The Word Carrier newspaper printed stories written by Native students who attended boarding schools. As you read the article and answer the questions, consider that school leaders edited and published the paper. The article “The Red Man’s Choice to be a Man” describes what it takes to be a “good Indian.” What do you think that meant to a Native American reader? What do you think that meant to a non-Native teacher at a boarding school? What might each of these audiences think about the federal government’s promotion of boarding schools for Native students? You may notice that these students are older than in other photos in this source set. What might be the motivations of these students, who may soon return home from school and/or find employment in their fields of study?
The Word Carrier newspaper was published by the Santee Normal Training School, a boarding school founded by an Episcopal minister to train and educate children of the Santee Sioux tribe. The newspaper article
mentions that some Native Americans, after attending boarding school, chose to return to their traditional way of life, while others adhered to the roles they learned in school. This article — and the newspaper in general — can inspire a broader classroom project. Ask your students to write a diary entry of a Native American student at boarding school considering options for his or her life. In their entries, ask students to reflect on some of the reasons this young person might choose either to return to the traditional ways or to enter into a life the school had trained them for. What are some challenges, tensions, and fears he or she might face leaving for school and returning home? This kind of activity can help students make connections between the personal experiences of education and the broader role of educational institutions and the federal government in promoting and facilitating certain social structures.
The Word Carrier.
“The Red Man’s Chance to be a Man”
For Indians we want American Education! We want American Homes! We want American Rights! The result of which is American Citizenship! And the Gospel is the Power of God for their Salvation!

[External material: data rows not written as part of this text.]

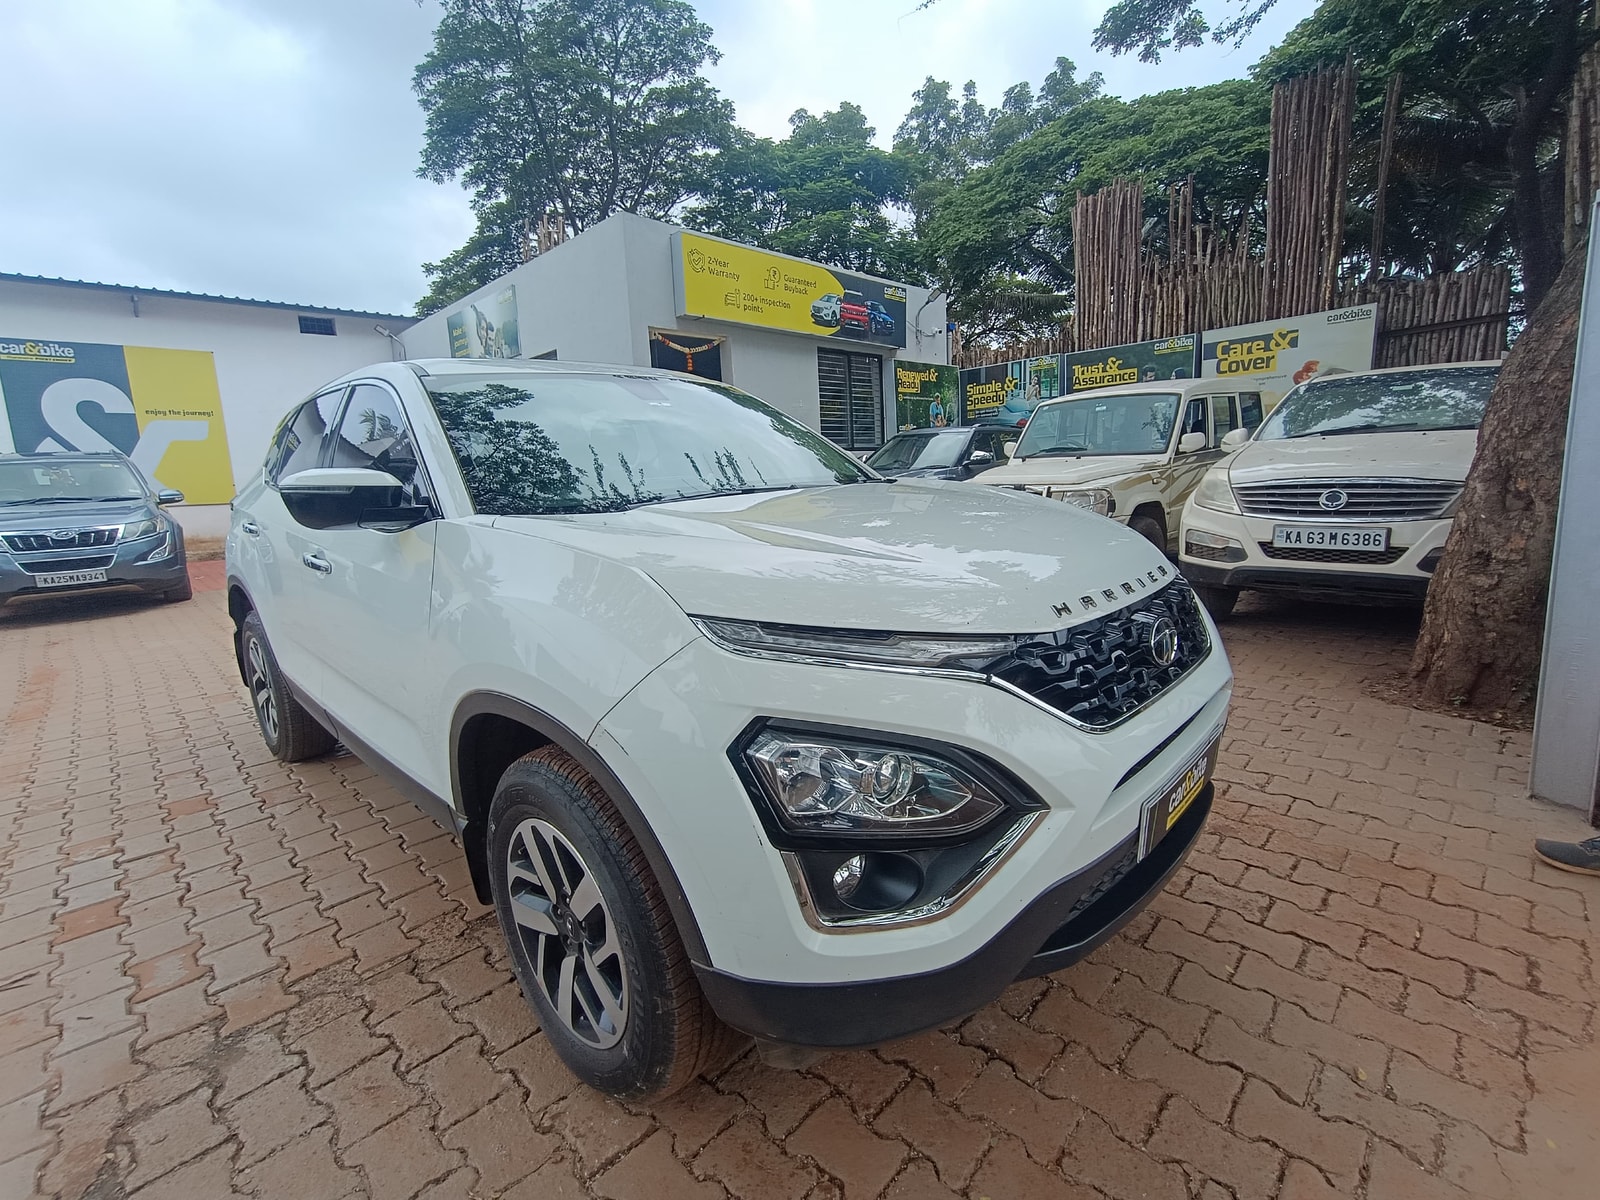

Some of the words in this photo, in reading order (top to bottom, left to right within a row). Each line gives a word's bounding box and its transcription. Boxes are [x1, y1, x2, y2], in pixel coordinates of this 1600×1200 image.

[707, 256, 730, 269] 2-Year
[707, 266, 740, 282] Warranty
[783, 274, 817, 288] Guaranteed
[784, 285, 809, 296] Buyback
[742, 293, 759, 303] 200+
[759, 292, 791, 310] inspection
[743, 303, 764, 314] points
[1326, 307, 1372, 323] car&bike
[0, 341, 75, 357] car&bike
[1154, 337, 1193, 351] car&bike
[1216, 340, 1266, 360] Care
[1269, 327, 1299, 351] &
[1072, 361, 1105, 377] Trust
[1106, 356, 1123, 373] &
[1215, 355, 1275, 375] Cover
[896, 367, 929, 382] Renewed
[929, 368, 939, 382] &
[1073, 370, 1136, 387] Assurance
[898, 380, 920, 392] Ready
[966, 379, 1002, 396] Simple
[1004, 376, 1019, 391] &
[966, 390, 1006, 408] Speedy
[145, 409, 167, 417] enjoy
[182, 409, 214, 418] journey!
[1284, 530, 1302, 544] KA
[1306, 531, 1325, 545] 63
[1328, 532, 1338, 546] M
[1341, 533, 1383, 547] 6386
[42, 572, 105, 585] KA25MA9341
[1049, 564, 1168, 619] HARRIER
[1168, 756, 1208, 813] car&bike

The Red Man’sChance to be a Man
The Plains country, the home of the North American Indian, has been my home for a full generation. I have witnessed the rise of the West. I have felt its privations and shared its struggle. I have seen it pass out of the wild and woolly period. Its homes, its schools its churches, its government, its people, are not unsurpassed. The red men have been my neighbors. I have known them in the days of Indian fighting; I have witnessed the struggle of the Indian for his place in civilization and have known him in his battles for character. I have watched his sons come from the tepee to the Government schools. The missionaries and the educators have been my friends. Indian secretaries have been in my home. I have met these young men in the conferences and heard their testimonies in meetings.
It may be true that some of these sons of the Plains who have returned from the schools have gone back to the blanket but others have returned to aid their fellows to fight their way to their feet in Christian faith. They have returned to their tribes by scores and as educated men lead in the farming as well as trade, Christian and social life, of their tribes. The greatest enemies of the Indian have been those of the white man - whiskey and wantonness. Christian leadership will do for him just what it does for the whites, and is doing it.

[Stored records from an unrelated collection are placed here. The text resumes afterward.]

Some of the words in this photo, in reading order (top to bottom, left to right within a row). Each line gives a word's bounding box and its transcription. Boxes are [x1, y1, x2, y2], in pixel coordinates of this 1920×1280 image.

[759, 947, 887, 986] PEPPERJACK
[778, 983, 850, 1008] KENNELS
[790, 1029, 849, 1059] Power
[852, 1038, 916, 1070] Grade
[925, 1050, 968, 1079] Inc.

No Christian work which I know engages more of my sympathy than this. The 1,164 members of the 15 Indian Students’ Associations are making Christian leaders. Of these young men 50 trained students are on the gospel evangelistic teams and have conducted revivals of power in cooperation with the missionaries during their vacation trips. These men are specially trained in their school associations for this work.
The Indian is religious. The principle that Christ adopted when he chose his 12 disciples and trained them for three years in the fundamentals of life and living has characterized the Indian groups on the Plains and has sent them forth as “Good News Committees,” as they call themselves. Six new tribes have been reached in the year.
The question that is raised when the Indian is discussed, “Do the Indians make steadfast Christians?” is satisfactorily answered as we know the red men who have one by one found their place as men through the Christian faith and association training. This has been thoroughly proved to my satisfaction. The men who formed the first Indian association, the Okokakieiye, are steadfast in their work of disciplining their fellows.
And the field is not small. Besides the 137,000 Indians in Canada, the 330,000 in the United States, the 57,000 in Alaska, there are a million in Mexico, and ten millions in South America. These tribes can be most effectively reached through educated Indians enlisted and trained for Christian leadership - A.A. Hyde, in Association Men.